▶ _Problem to work on_
Nothing in the records should be altered; retype them all exactly.

(Records excerpted from a collection)

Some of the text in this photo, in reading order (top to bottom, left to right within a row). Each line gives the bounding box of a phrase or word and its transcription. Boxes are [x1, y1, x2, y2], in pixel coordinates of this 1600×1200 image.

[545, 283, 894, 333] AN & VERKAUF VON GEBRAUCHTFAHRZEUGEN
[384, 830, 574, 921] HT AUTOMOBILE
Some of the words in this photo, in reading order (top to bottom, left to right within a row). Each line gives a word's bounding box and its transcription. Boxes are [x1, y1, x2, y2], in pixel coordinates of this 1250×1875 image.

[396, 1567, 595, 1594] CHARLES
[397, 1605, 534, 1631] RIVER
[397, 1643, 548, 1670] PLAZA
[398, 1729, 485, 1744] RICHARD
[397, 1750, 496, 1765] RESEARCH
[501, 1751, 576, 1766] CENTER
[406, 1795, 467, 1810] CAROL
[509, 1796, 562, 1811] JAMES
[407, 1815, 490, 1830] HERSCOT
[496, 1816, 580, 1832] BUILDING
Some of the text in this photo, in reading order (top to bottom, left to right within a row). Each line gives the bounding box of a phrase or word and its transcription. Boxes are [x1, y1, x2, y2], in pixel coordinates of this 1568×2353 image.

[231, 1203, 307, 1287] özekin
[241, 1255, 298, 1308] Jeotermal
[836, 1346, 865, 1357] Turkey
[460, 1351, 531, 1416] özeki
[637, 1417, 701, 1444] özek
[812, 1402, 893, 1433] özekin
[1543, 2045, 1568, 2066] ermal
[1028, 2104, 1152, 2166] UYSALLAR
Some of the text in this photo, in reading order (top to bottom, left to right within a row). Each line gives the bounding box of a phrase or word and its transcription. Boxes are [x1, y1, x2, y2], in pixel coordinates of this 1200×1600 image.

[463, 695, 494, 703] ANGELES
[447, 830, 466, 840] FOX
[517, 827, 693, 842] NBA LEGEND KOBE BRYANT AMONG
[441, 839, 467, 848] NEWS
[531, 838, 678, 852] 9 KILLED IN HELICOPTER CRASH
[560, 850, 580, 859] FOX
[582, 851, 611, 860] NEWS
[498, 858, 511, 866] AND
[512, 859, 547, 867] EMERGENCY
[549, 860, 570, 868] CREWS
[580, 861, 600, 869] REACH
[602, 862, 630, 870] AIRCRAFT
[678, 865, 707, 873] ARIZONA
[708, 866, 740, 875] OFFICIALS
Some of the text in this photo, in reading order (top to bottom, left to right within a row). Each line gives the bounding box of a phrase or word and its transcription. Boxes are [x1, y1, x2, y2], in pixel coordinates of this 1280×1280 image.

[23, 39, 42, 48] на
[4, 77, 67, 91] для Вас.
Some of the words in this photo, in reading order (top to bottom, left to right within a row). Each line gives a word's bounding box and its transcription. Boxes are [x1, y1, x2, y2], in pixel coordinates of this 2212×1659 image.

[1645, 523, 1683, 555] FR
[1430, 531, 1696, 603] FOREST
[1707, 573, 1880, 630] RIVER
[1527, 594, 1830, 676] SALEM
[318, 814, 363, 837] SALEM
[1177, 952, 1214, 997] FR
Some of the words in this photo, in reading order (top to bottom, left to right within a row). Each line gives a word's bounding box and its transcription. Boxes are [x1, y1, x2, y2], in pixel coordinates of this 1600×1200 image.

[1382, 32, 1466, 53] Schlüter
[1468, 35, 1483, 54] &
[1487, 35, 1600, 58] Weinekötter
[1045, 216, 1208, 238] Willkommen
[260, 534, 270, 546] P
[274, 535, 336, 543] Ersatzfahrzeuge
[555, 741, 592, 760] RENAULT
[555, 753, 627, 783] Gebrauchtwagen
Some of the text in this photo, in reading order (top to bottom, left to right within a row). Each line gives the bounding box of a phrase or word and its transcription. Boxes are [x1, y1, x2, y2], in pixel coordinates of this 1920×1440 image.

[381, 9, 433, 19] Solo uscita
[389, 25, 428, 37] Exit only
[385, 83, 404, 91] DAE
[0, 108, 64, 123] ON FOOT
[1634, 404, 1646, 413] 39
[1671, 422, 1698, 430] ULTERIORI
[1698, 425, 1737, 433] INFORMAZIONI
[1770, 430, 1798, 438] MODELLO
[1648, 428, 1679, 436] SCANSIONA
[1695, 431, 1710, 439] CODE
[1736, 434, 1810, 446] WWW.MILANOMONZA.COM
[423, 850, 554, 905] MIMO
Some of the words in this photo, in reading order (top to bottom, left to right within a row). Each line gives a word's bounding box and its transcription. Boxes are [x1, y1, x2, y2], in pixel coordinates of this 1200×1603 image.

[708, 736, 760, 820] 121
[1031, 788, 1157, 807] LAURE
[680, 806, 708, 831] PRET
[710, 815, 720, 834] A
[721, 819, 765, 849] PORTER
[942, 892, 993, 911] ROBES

▶ _Output of the task_
Some of the text in this photo, in reading order (top to bottom, left to right within a row). Each line gives the bounding box of a phrase or word and its transcription. Boxes are [x1, y1, x2, y2], in pixel coordinates of this 1600×1200 image.

[545, 283, 894, 333] AN & VERKAUF VON GEBRAUCHTFAHRZEUGEN
[384, 830, 574, 921] HT AUTOMOBILE
Some of the words in this photo, in reading order (top to bottom, left to right within a row). Each line gives a word's bounding box and its transcription. Boxes are [x1, y1, x2, y2], in pixel coordinates of this 1250×1875 image.

[396, 1567, 595, 1594] CHARLES
[397, 1605, 534, 1631] RIVER
[397, 1643, 548, 1670] PLAZA
[398, 1729, 485, 1744] RICHARD
[397, 1750, 496, 1765] RESEARCH
[501, 1751, 576, 1766] CENTER
[406, 1795, 467, 1810] CAROL
[509, 1796, 562, 1811] JAMES
[407, 1815, 490, 1830] HERSCOT
[496, 1816, 580, 1832] BUILDING
Some of the text in this photo, in reading order (top to bottom, left to right within a row). Each line gives the bounding box of a phrase or word and its transcription. Boxes are [x1, y1, x2, y2], in pixel coordinates of this 1568×2353 image.

[231, 1203, 307, 1287] özekin
[241, 1255, 298, 1308] Jeotermal
[836, 1346, 865, 1357] Turkey
[460, 1351, 531, 1416] özeki
[637, 1417, 701, 1444] özek
[812, 1402, 893, 1433] özekin
[1543, 2045, 1568, 2066] ermal
[1028, 2104, 1152, 2166] UYSALLAR
Some of the text in this photo, in reading order (top to bottom, left to right within a row). Each line gives the bounding box of a phrase or word and its transcription. Boxes are [x1, y1, x2, y2], in pixel coordinates of this 1200×1600 image.

[463, 695, 494, 703] ANGELES
[447, 830, 466, 840] FOX
[517, 827, 693, 842] NBA LEGEND KOBE BRYANT AMONG
[441, 839, 467, 848] NEWS
[531, 838, 678, 852] 9 KILLED IN HELICOPTER CRASH
[560, 850, 580, 859] FOX
[582, 851, 611, 860] NEWS
[498, 858, 511, 866] AND
[512, 859, 547, 867] EMERGENCY
[549, 860, 570, 868] CREWS
[580, 861, 600, 869] REACH
[602, 862, 630, 870] AIRCRAFT
[678, 865, 707, 873] ARIZONA
[708, 866, 740, 875] OFFICIALS
Some of the text in this photo, in reading order (top to bottom, left to right within a row). Each line gives the bounding box of a phrase or word and its transcription. Boxes are [x1, y1, x2, y2], in pixel coordinates of this 1280×1280 image.

[23, 39, 42, 48] на
[4, 77, 67, 91] для Вас.
Some of the words in this photo, in reading order (top to bottom, left to right within a row). Each line gives a word's bounding box and its transcription. Boxes are [x1, y1, x2, y2], in pixel coordinates of this 2212×1659 image.

[1645, 523, 1683, 555] FR
[1430, 531, 1696, 603] FOREST
[1707, 573, 1880, 630] RIVER
[1527, 594, 1830, 676] SALEM
[318, 814, 363, 837] SALEM
[1177, 952, 1214, 997] FR
Some of the words in this photo, in reading order (top to bottom, left to right within a row). Each line gives a word's bounding box and its transcription. Boxes are [x1, y1, x2, y2], in pixel coordinates of this 1600×1200 image.

[1382, 32, 1466, 53] Schlüter
[1468, 35, 1483, 54] &
[1487, 35, 1600, 58] Weinekötter
[1045, 216, 1208, 238] Willkommen
[260, 534, 270, 546] P
[274, 535, 336, 543] Ersatzfahrzeuge
[555, 741, 592, 760] RENAULT
[555, 753, 627, 783] Gebrauchtwagen
Some of the text in this photo, in reading order (top to bottom, left to right within a row). Each line gives the bounding box of a phrase or word and its transcription. Boxes are [x1, y1, x2, y2], in pixel coordinates of this 1920×1440 image.

[381, 9, 433, 19] Solo uscita
[389, 25, 428, 37] Exit only
[385, 83, 404, 91] DAE
[0, 108, 64, 123] ON FOOT
[1634, 404, 1646, 413] 39
[1671, 422, 1698, 430] ULTERIORI
[1698, 425, 1737, 433] INFORMAZIONI
[1770, 430, 1798, 438] MODELLO
[1648, 428, 1679, 436] SCANSIONA
[1695, 431, 1710, 439] CODE
[1736, 434, 1810, 446] WWW.MILANOMONZA.COM
[423, 850, 554, 905] MIMO
Some of the words in this photo, in reading order (top to bottom, left to right within a row). Each line gives a word's bounding box and its transcription. Boxes are [x1, y1, x2, y2], in pixel coordinates of this 1200×1603 image.

[708, 736, 760, 820] 121
[1031, 788, 1157, 807] LAURE
[680, 806, 708, 831] PRET
[710, 815, 720, 834] A
[721, 819, 765, 849] PORTER
[942, 892, 993, 911] ROBES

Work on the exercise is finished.